__TASK INSTRUCTIONS__. All of the data should be repeated exactly; pictures are not part of the copy.

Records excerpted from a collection

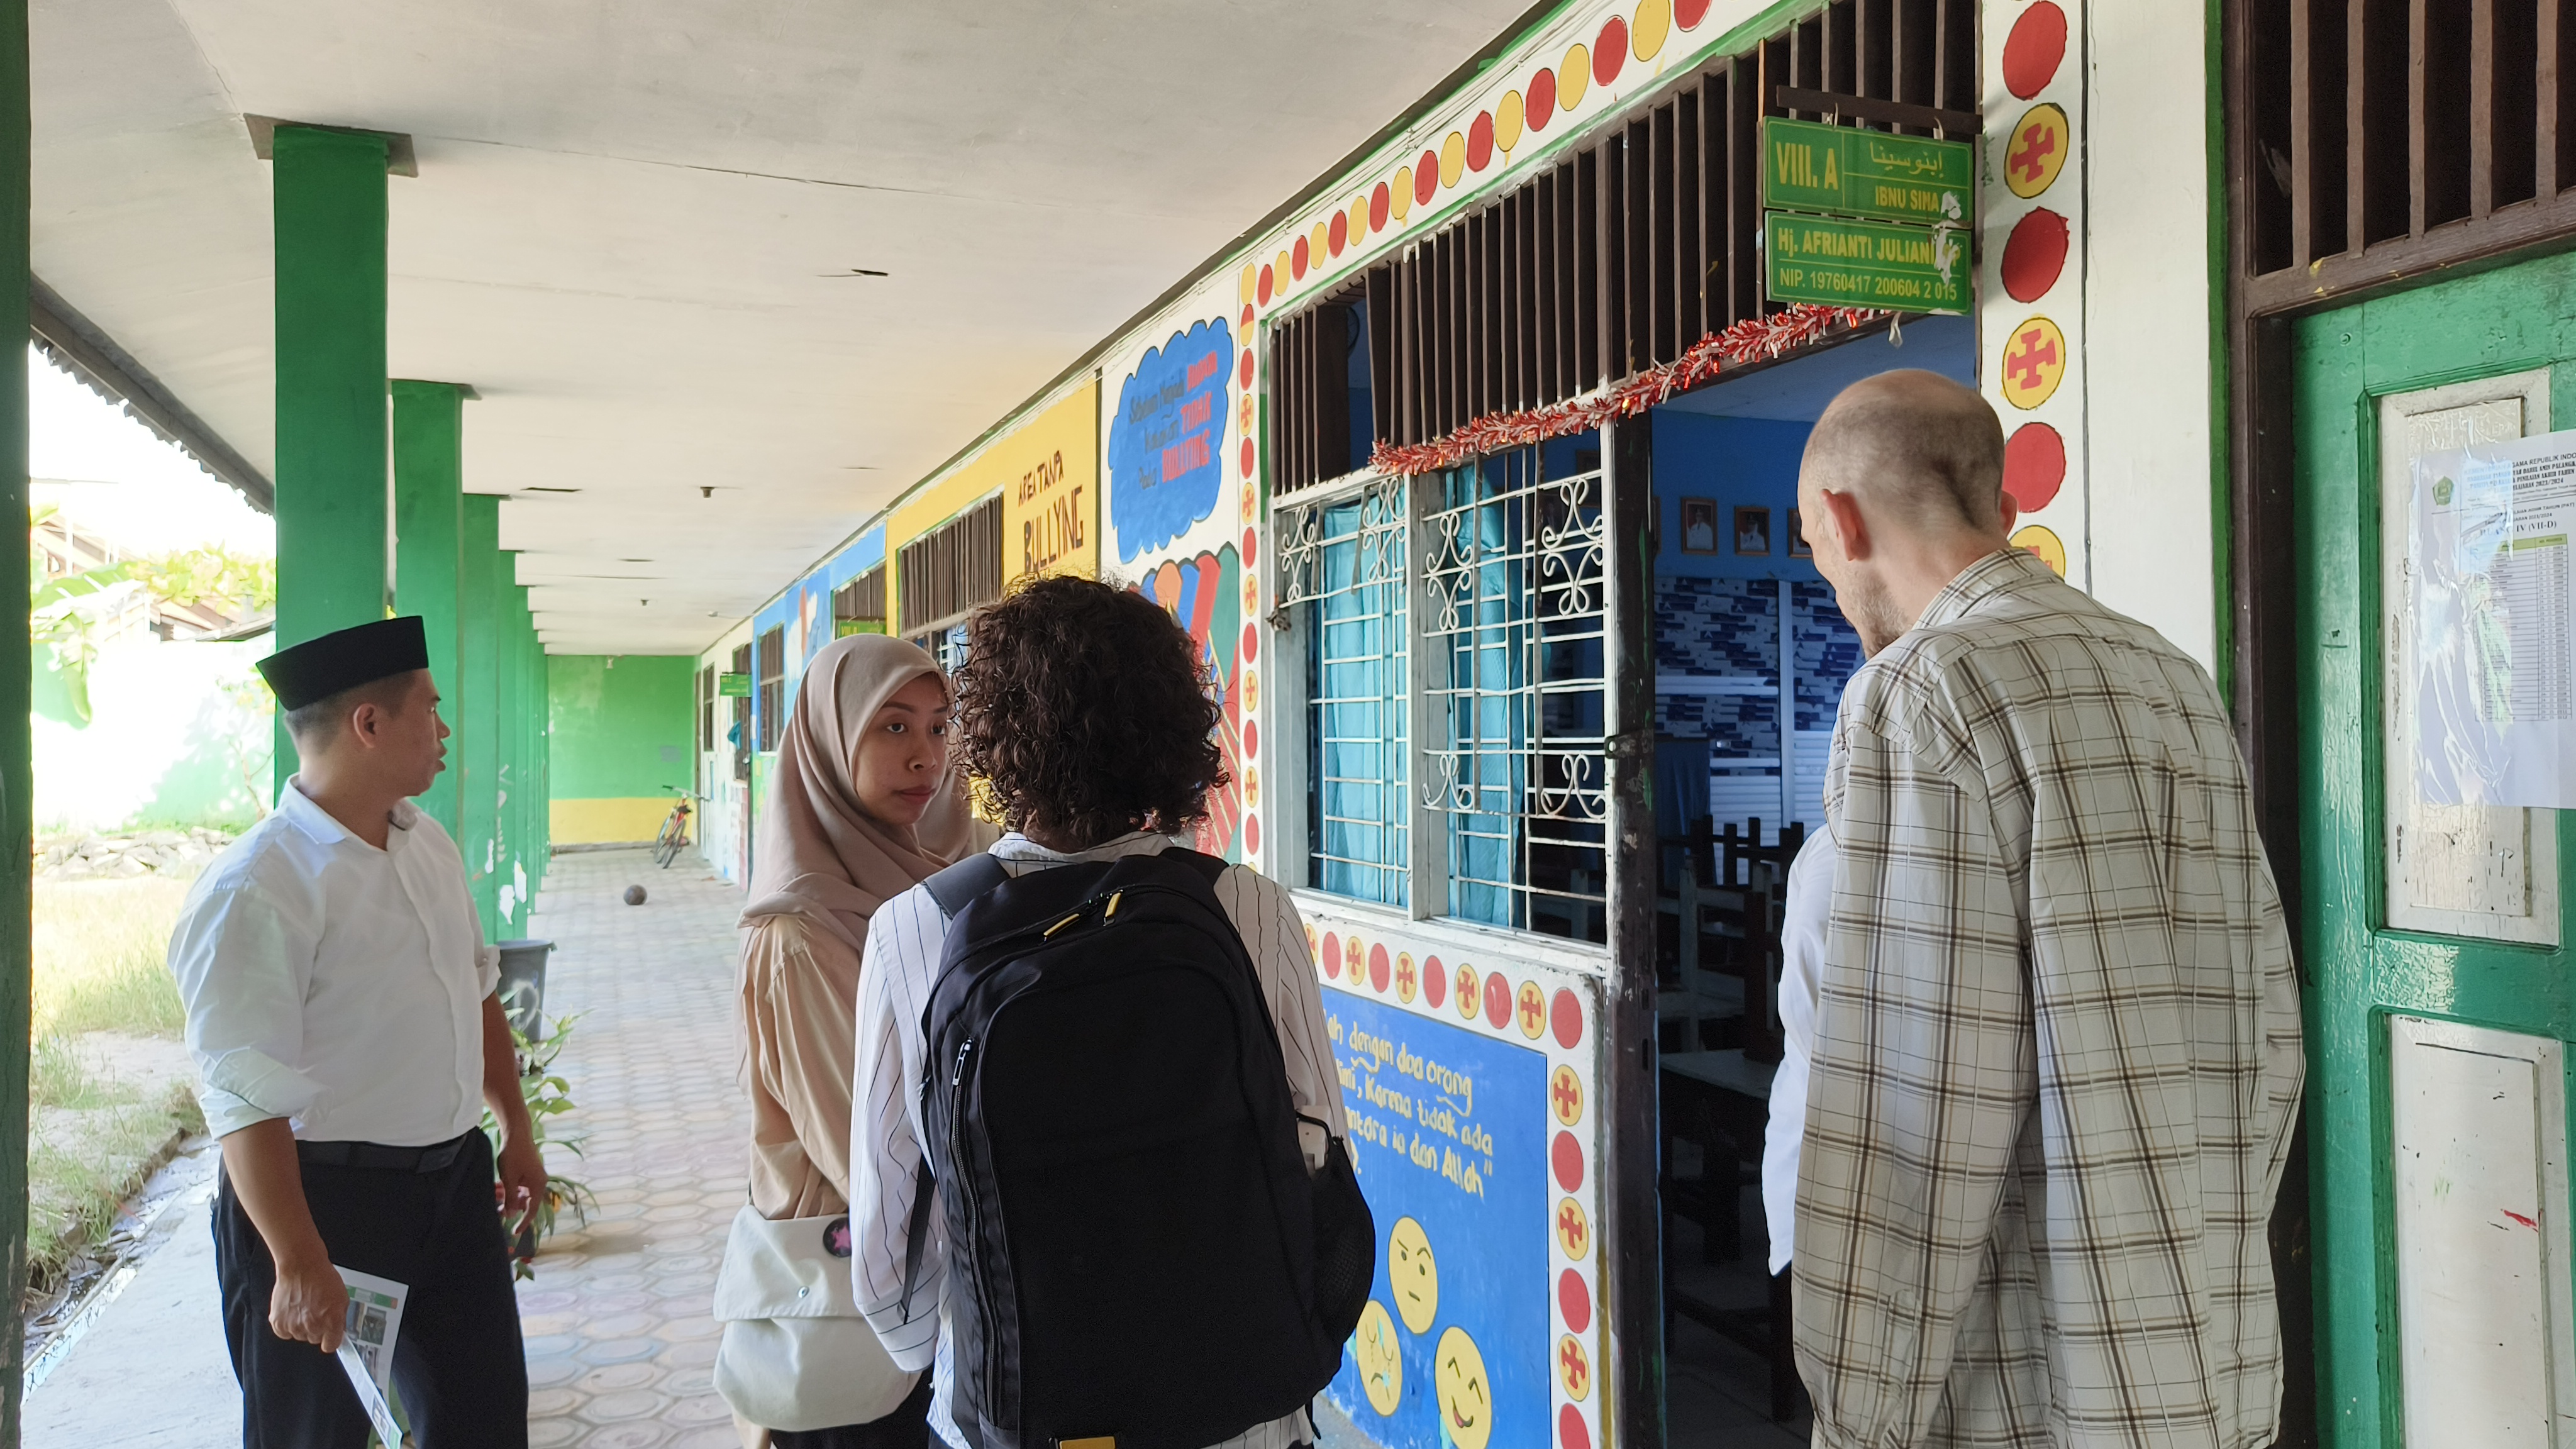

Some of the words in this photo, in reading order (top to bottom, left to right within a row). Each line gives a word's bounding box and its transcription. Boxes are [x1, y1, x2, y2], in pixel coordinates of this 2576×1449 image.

[1776, 142, 1818, 188] VIII.
[1824, 148, 1838, 191] A
[1875, 186, 1906, 209] IBNU
[1910, 189, 1940, 213] SINA
[1778, 227, 1799, 258] Hj.
[1802, 230, 1872, 260] AFRIANTI
[1780, 267, 1806, 289] NIP.
[1809, 271, 1871, 294] 19760417
[1875, 276, 1920, 298] 200604
[1924, 280, 1931, 299] 2
[1935, 282, 1958, 301] 015
[1180, 391, 1213, 435] TIDAK
[1036, 449, 1064, 494] TANPA
[1162, 428, 1211, 484] BULLYING
[2516, 523, 2526, 533] IV
[2528, 520, 2557, 532] (VII-D)
[1323, 1008, 1344, 1045] ah
[1349, 1021, 1394, 1074] dengan
[1396, 1041, 1424, 1080] doa
[1426, 1060, 1473, 1118] orang
[1365, 1074, 1413, 1119] Karena
[1416, 1099, 1458, 1140] tidak
[1460, 1122, 1494, 1157] ada
[1392, 1124, 1406, 1155] ia
[1409, 1131, 1438, 1172] dan

__EXERCISE RESULT__.
Some of the words in this photo, in reading order (top to bottom, left to right within a row). Each line gives a word's bounding box and its transcription. Boxes are [x1, y1, x2, y2], in pixel coordinates of this 2576×1449 image.

[1776, 142, 1818, 188] VIII.
[1824, 148, 1838, 191] A
[1875, 186, 1906, 209] IBNU
[1910, 189, 1940, 213] SINA
[1778, 227, 1799, 258] Hj.
[1802, 230, 1872, 260] AFRIANTI
[1780, 267, 1806, 289] NIP.
[1809, 271, 1871, 294] 19760417
[1875, 276, 1920, 298] 200604
[1924, 280, 1931, 299] 2
[1935, 282, 1958, 301] 015
[1180, 391, 1213, 435] TIDAK
[1036, 449, 1064, 494] TANPA
[1162, 428, 1211, 484] BULLYING
[2516, 523, 2526, 533] IV
[2528, 520, 2557, 532] (VII-D)
[1323, 1008, 1344, 1045] ah
[1349, 1021, 1394, 1074] dengan
[1396, 1041, 1424, 1080] doa
[1426, 1060, 1473, 1118] orang
[1365, 1074, 1413, 1119] Karena
[1416, 1099, 1458, 1140] tidak
[1460, 1122, 1494, 1157] ada
[1392, 1124, 1406, 1155] ia
[1409, 1131, 1438, 1172] dan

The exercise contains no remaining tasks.